Auf der Karte von "Mein Gerät finden" wählst du oben dein Gerät aus. Darunter erscheinen drei Aktionen.
Ton abspielen. Das Handy klingelt, auch im Lautlos-Modus. Praktisch zu Hause, sinnlos bei einem echten Dieb.
Gerät sichern (Sperren). Hier wird es wichtig. Du legst eine PIN, ein Muster oder ein Passwort fest, falls noch keins existiert, und kannst eine Nachricht plus Telefonnummer auf den Sperrbildschirm schreiben, etwa: "Dieses Handy ist verloren. Bitte melde dich unter 0151 ...". Wichtig: Beim Sperren wird dein Konto auf dem Gerät abgemeldet, Google Pay wird blockiert, ehrliche Finder können dich trotzdem über die hinterlegte Nummer erreichen. Schreib in diese Nachricht niemals deine eigene zweite Handynummer mit dem Hinweis, dass dort eine SMS kommt. Genau das nutzen Betrüger später aus.

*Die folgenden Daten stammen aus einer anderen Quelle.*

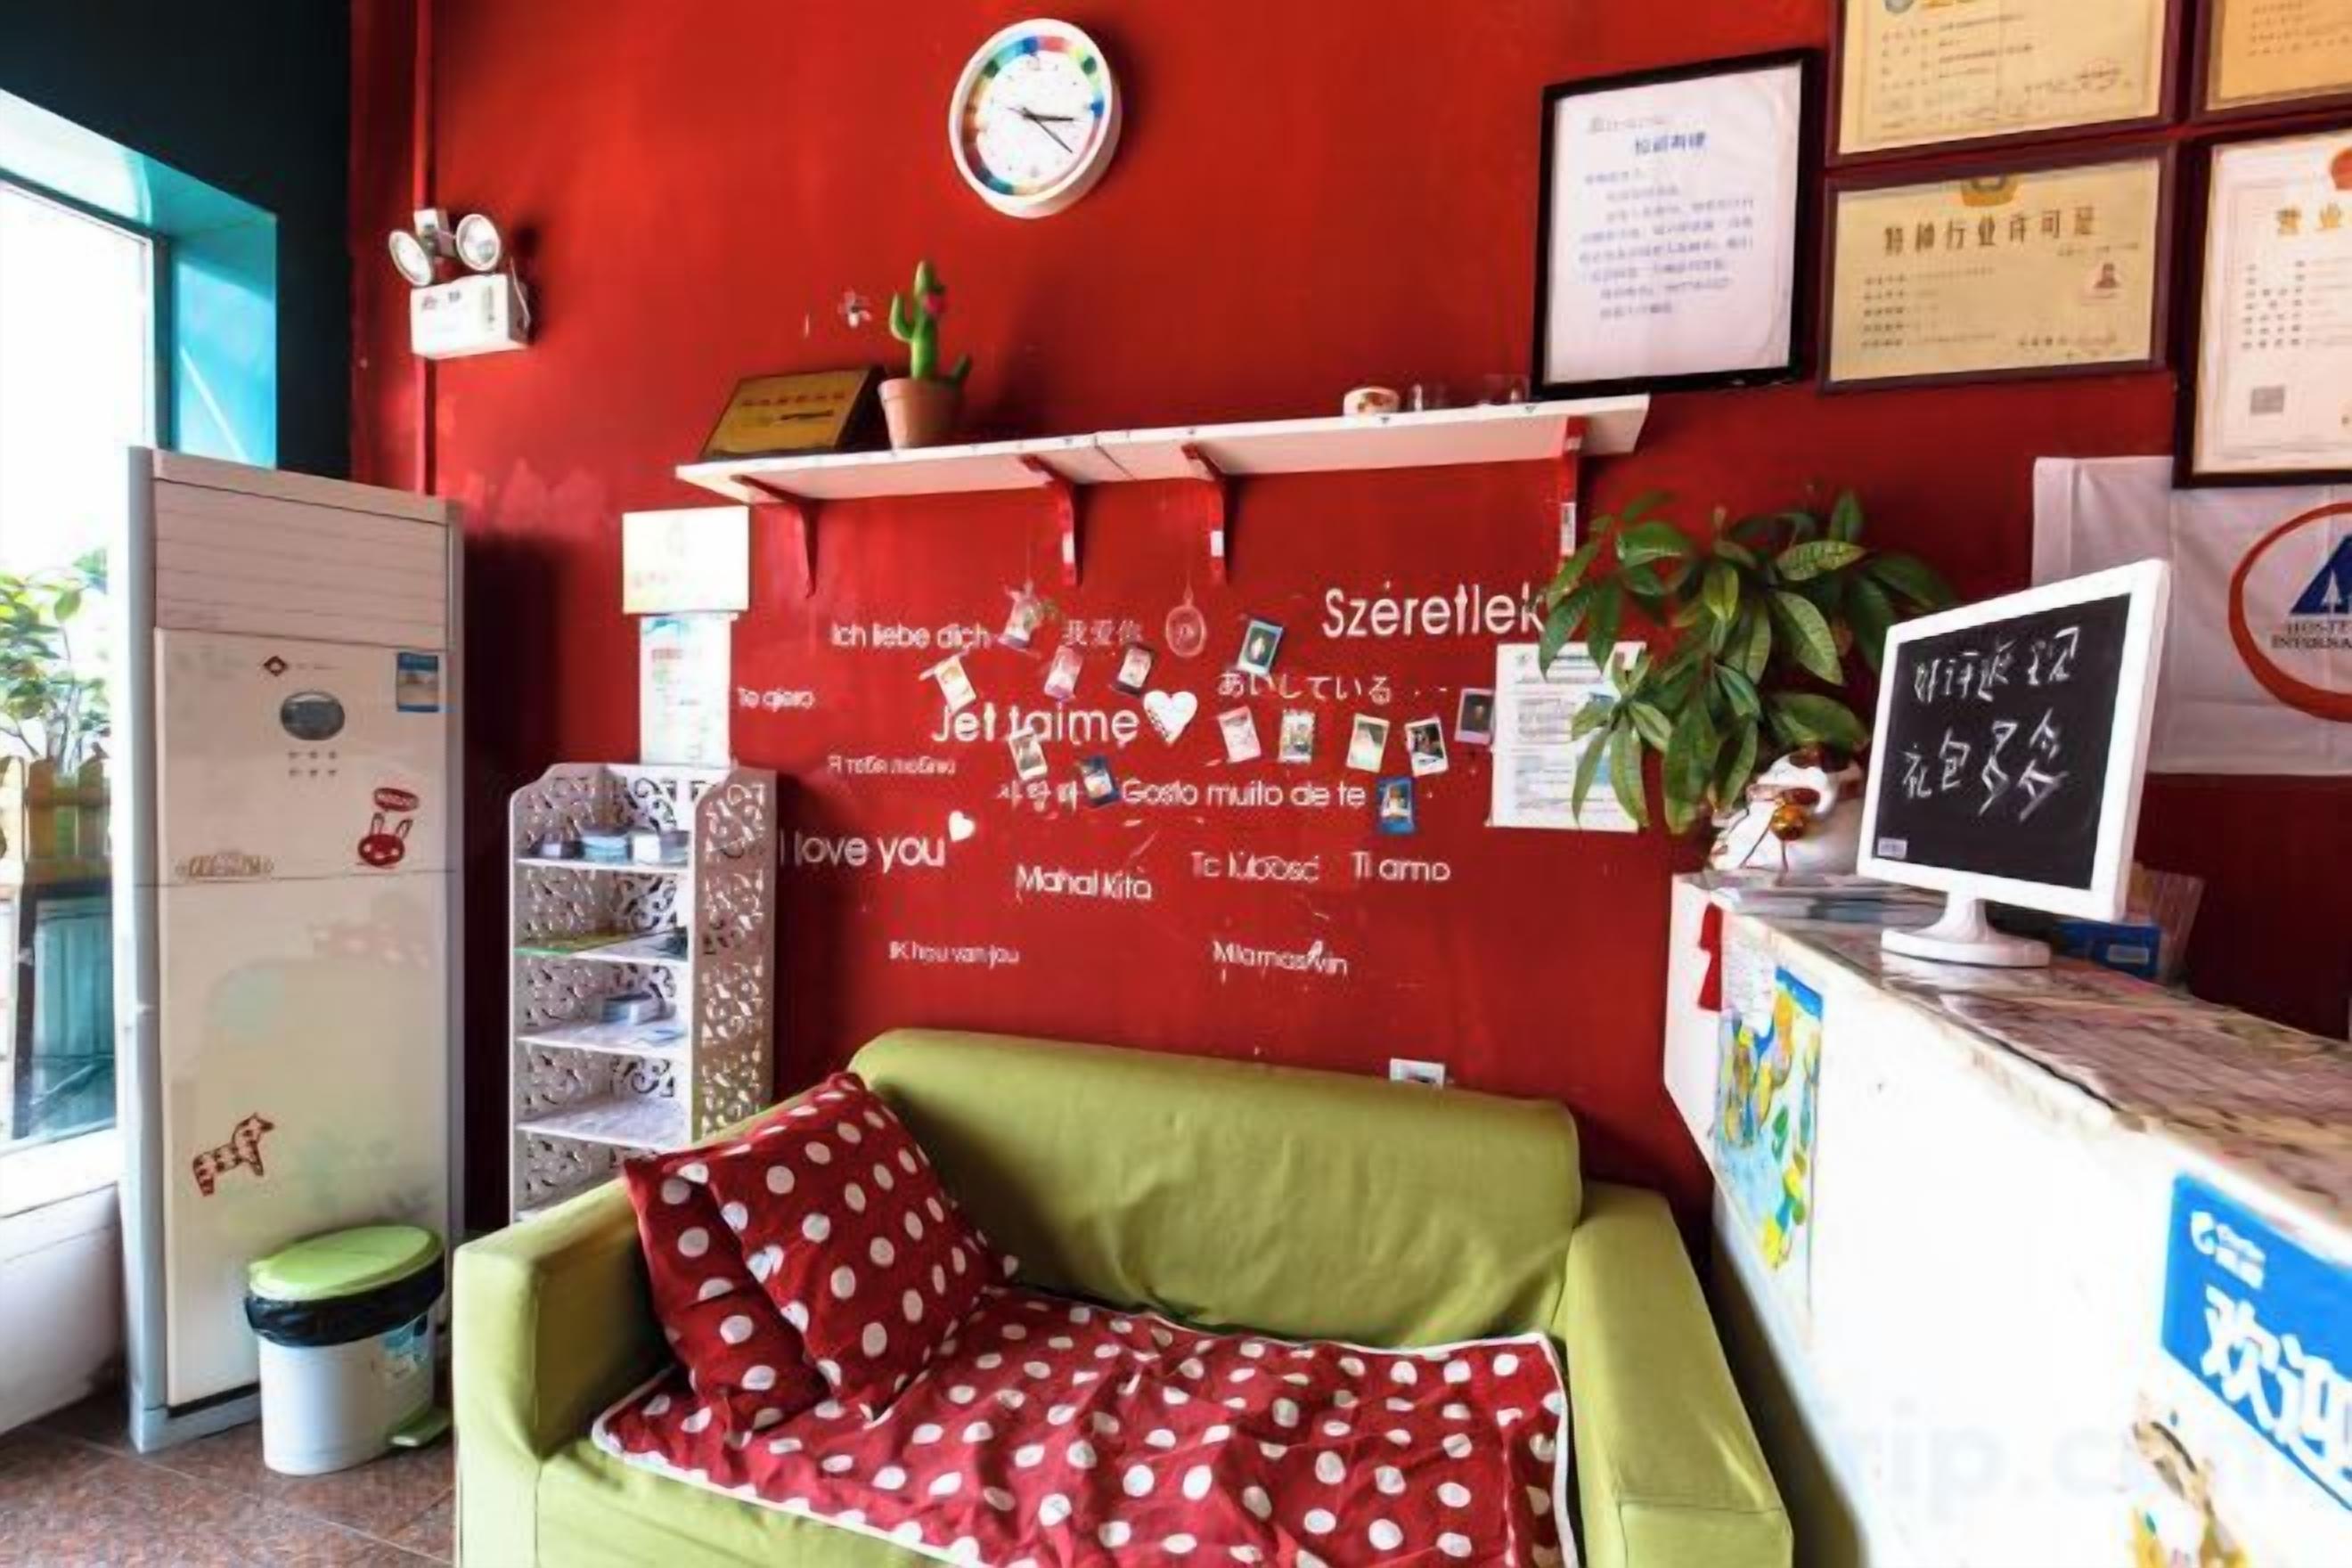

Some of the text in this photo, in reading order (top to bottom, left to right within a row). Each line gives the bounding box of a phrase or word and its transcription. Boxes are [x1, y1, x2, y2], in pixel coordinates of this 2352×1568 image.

Standort weiter verfolgen. Solange das Handy online ist und Strom hat, aktualisiert sich der Punkt auf der Karte. Ist es offline, hilft das erweiterte Netzwerk, das im nächsten Abschnitt erklärt wird.

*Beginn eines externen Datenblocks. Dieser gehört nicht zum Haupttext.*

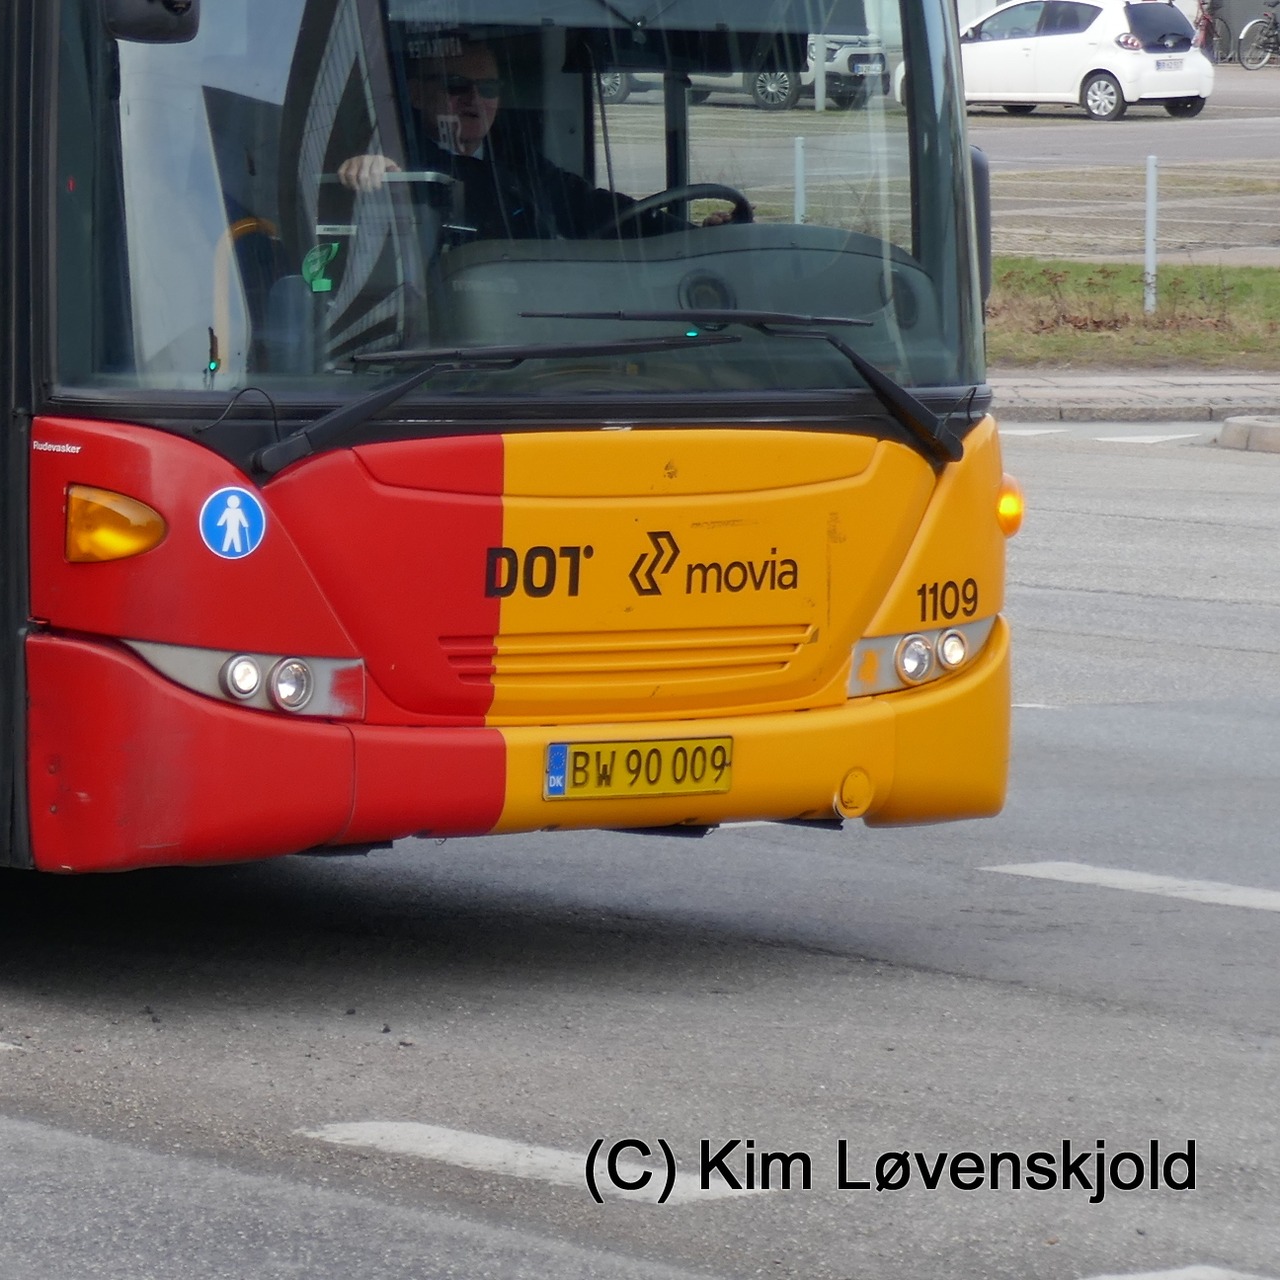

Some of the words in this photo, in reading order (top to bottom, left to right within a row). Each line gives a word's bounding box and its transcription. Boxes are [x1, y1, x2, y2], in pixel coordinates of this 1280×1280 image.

Ein kleines Rechenbeispiel zum Akku: Wenn das Display gesperrt ist und das Gerät nur noch im Hintergrund funkt, hält ein normaler Akku oft noch viele Stunden. Diese Zeit ist dein Fenster, um die Polizei einzuschalten.
Früher konntest du ein Handy nur orten, wenn es online war. Seit 2024 baut Google ein weltweites Bluetooth-Netz aus über einer Milliarde Android-Geräten. Dein verlorenes Handy sendet ein verschlüsseltes Bluetooth-Signal. Andere Android-Geräte in der Nähe fangen es auf und melden den ungefähren Standort an dich zurück, ohne dass die Besitzer dieser Geräte irgendetwas merken oder Zugriff auf die Daten haben. Google nennt den Dienst inzwischen weltweit Find Hub, in der deutschen Oberfläche heißt er weiterhin "Mein Gerät finden". Wie das Netzwerk funktioniert, erklärt Google auf der offiziellen Android-Seite zu Find Hub.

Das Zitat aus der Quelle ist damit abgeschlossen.